Many pyridine derivatives look similar on paper, but the addition of the methoxy group and the thiol function brings unique behavior that other close relatives can’t quite match. With a methoxy group attached at the 5 position, the electron density of the molecule shifts noticeably. Chemical reactivity changes, especially during nucleophilic substitutions or metal-catalyzed cross-couplings. The thiol at position 2 acts as a strong nucleophile, making the molecule far more reactive under mild conditions than analogues carrying less active groups.
It’s true, some might overlook these details and lump our product together with “typical” pyridine or imidazole ring systems. Yet any bench chemist who’s tried synthesizing bioactive compound libraries, advanced materials, or tailored ligands will spot the difference quickly. The handling properties differ as well—thiol groups require careful attention in oxidation-sensitive processes, and the relative chemical stability of our material means fewer surprises downstream after storage or scale-up.
In manufacturing, the drive toward tighter specifications rarely slows down. Over the years, process engineers and R&D chemists using 5-methoxyimidazo[4,5-b]pyridine-2-thiol have given plenty of feedback. They demand narrow melting point ranges, low levels of residual metals, and consistent powder morphology. Our teams run QC by HPLC, NMR, and LC-MS for every batch, and routine testing covers identity as well as purity—often up to 99 percent, with impurities kept under tight control.
Sometimes these requirements seem excessive in theory, but in practice, even minor contaminants from early production steps risk poisoning catalytic reactions or triggering unpredictable outcomes in biological screens. We don’t just market a “high-purity” product; we worked through countless trials with customers to match real project needs, from single-gram trial lots to multi-kilogram campaigns.
Researchers in pharmaceuticals, advanced materials, and catalysis come to us with different goals. Medicinal chemists searching for new kinase inhibitors have adopted 5-methoxyimidazo[4,5-b]pyridine-2-thiol as a versatile scaffold for combinatorial chemistry. Its bifunctional core makes it easy to introduce further substitutions, especially through the thiol handle—which often acts as a synthetic “anchor.” That capability isn’t theoretical; major pharma labs have used our batches to move quickly from hit discovery to lead optimization by attaching a series of functional groups with minimal side reactions.

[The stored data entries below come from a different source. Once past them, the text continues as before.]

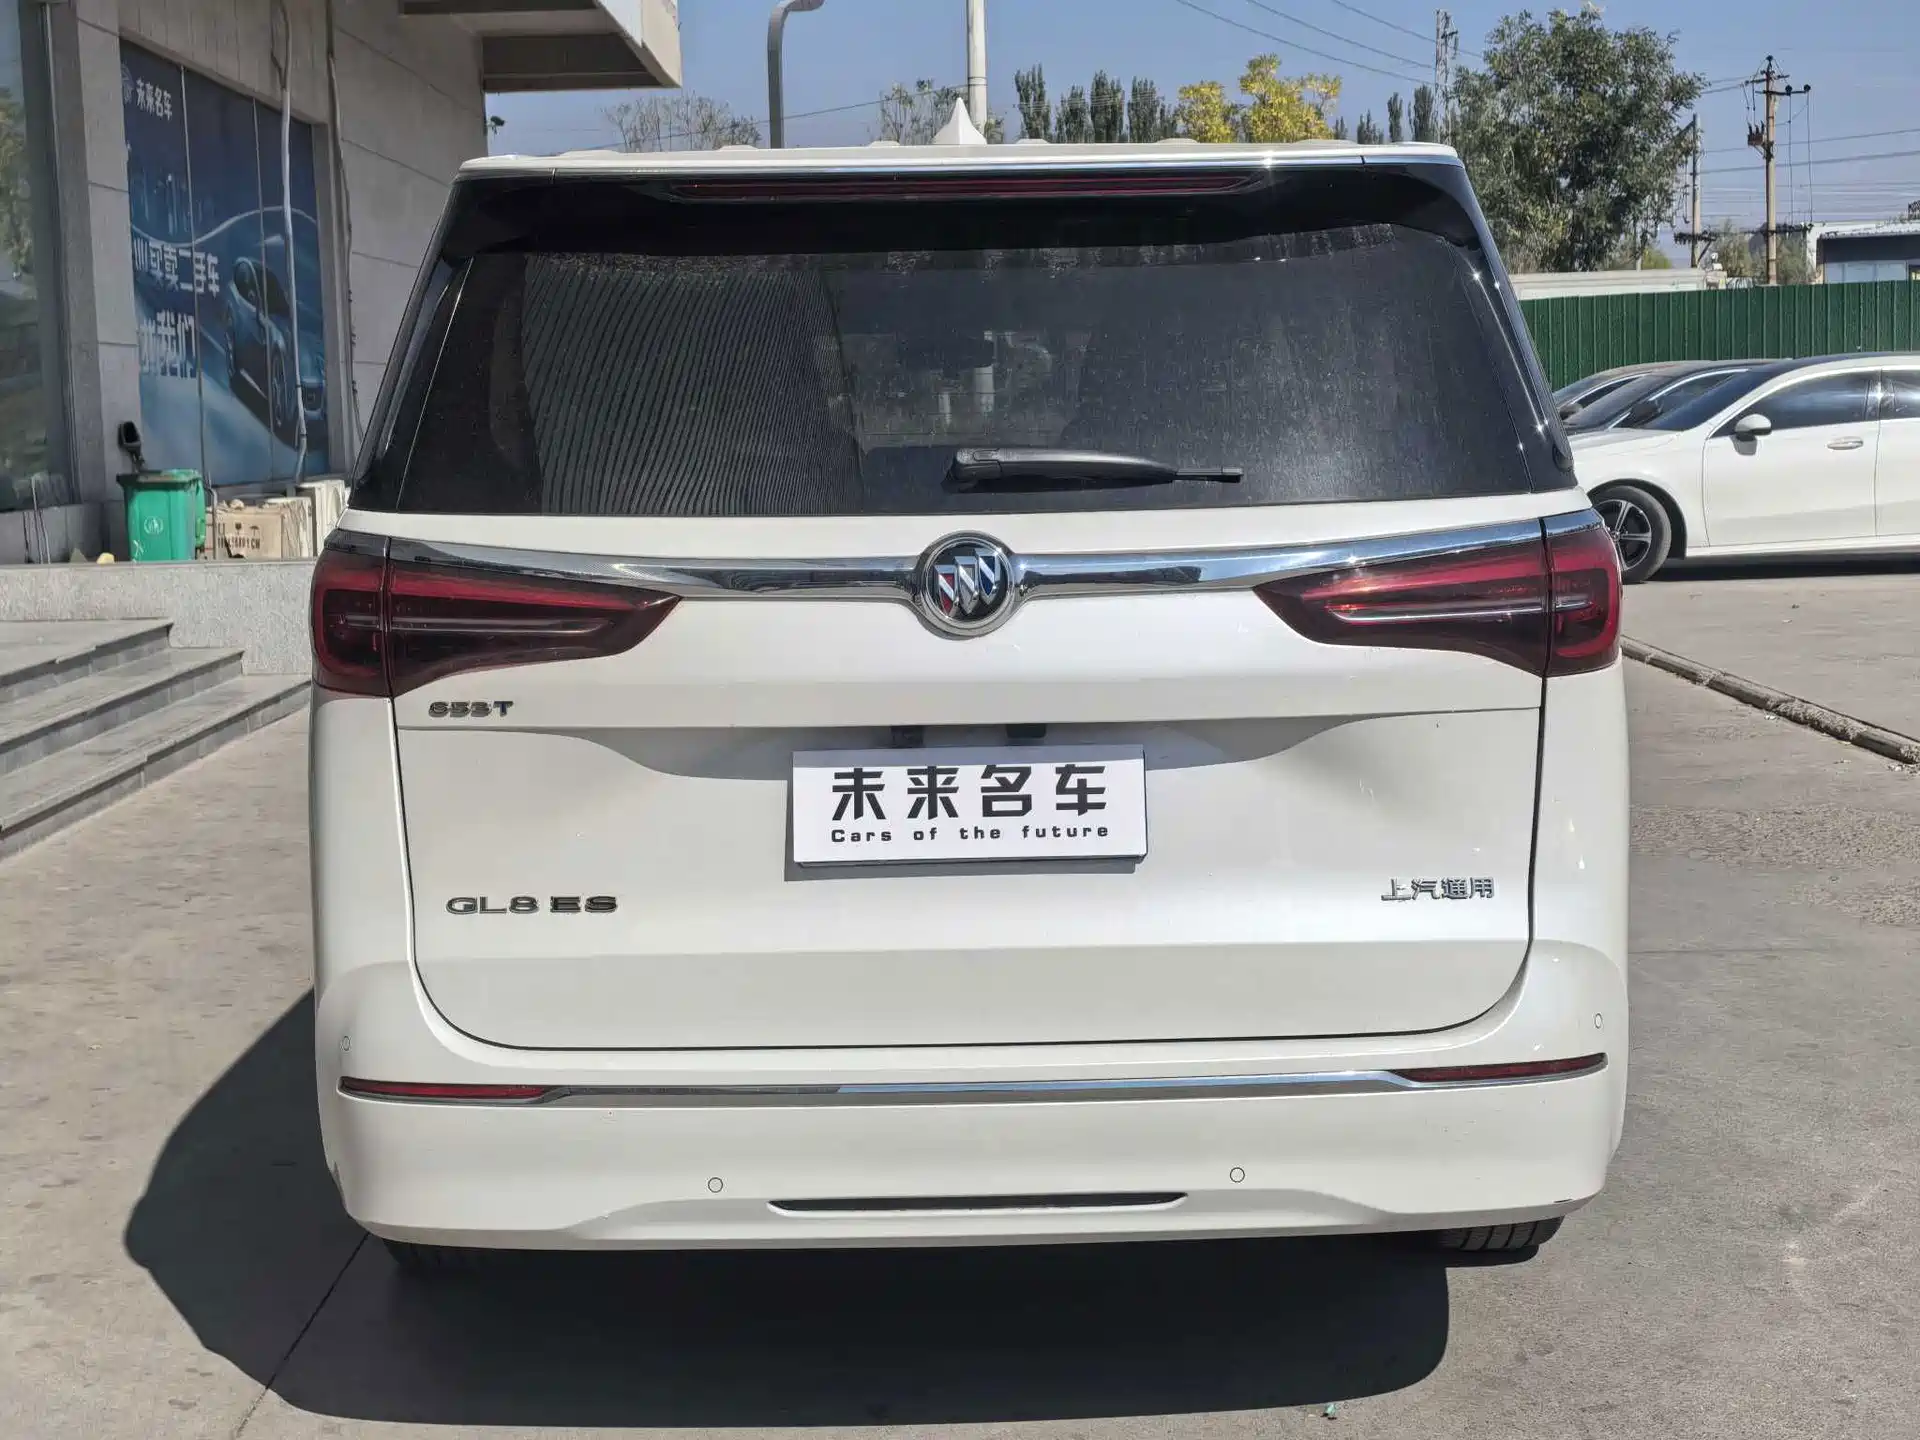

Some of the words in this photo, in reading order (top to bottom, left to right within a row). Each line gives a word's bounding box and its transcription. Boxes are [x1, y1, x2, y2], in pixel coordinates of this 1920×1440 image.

[136, 78, 172, 121] 未来名车
[428, 700, 515, 718] 653T
[831, 763, 1107, 821] 未来名车
[831, 829, 892, 843] Cars
[913, 827, 939, 841] of
[960, 826, 1001, 840] the
[1022, 824, 1109, 839] future
[1380, 877, 1495, 901] 上汽通用
[446, 896, 540, 915] GL8
[549, 895, 618, 914] ES

Not every use is high-profile or destined for journal covers. Battery researchers and coordination chemists regularly request this molecule, leveraging the sulfur group to anchor imidazopyridine units on metallic surfaces or nanomaterials. From custom ligands to novel materials for electronics, the thiol group opens up reliable surface and coordination chemistry routes. It’s not magic, but it avoids the headache of re-optimizing every coupling protocol.
We’ve also seen uptake in photophysical and fluorescence research, where the methoxy modification tunes absorption and emission characteristics. Small structural changes influence big photochemical properties. Consistency in production batch-to-batch has made real impact here—a result of our focus on process repeatability and feedstock purity.
Making 5-methoxyimidazo[4,5-b]pyridine-2-thiol at scale means more than just starting from standard building blocks. Early in our experience, we recognized the importance of sourcing high-quality methoxy-substituted precursors, since even a small fraction of positional isomers or oxidized side products upends the downstream purification. Some manufacturers settle for “good-enough” raw materials to cut cost, but this typically results in higher downstream losses, longer purification cycles, and batch-to-batch variation.
We’ve leaned into multi-step purification both for intermediates and for the final product. Crystallization, vacuum drying, and subsequent final polishing make the difference between a batch that’s shelf-stable and one that decomposes under ambient storage. Some customers have returned to us after running into “off-brand” lots with visible discoloration, traces of oxidized thiol, or unwanted pyridine impurities. Control of moisture and oxygen exposure throughout the process ensures quality product at the end.
Though the thiol group imparts a certain sensitivity, 5-methoxyimidazo[4,5-b]pyridine-2-thiol remains a relatively user-friendly material with decent shelf life, provided it’s kept away from prolonged air and light exposure. We ship our product in sealed, light-protective packaging with desiccant included. We’ve seen customers with less robust packaging end up with discolored, less pure product even before it ever enters use. Simple steps—immediate transfer to airtight bottles, minimizing headspace, storing at low temperature—work to keep the compound in best condition.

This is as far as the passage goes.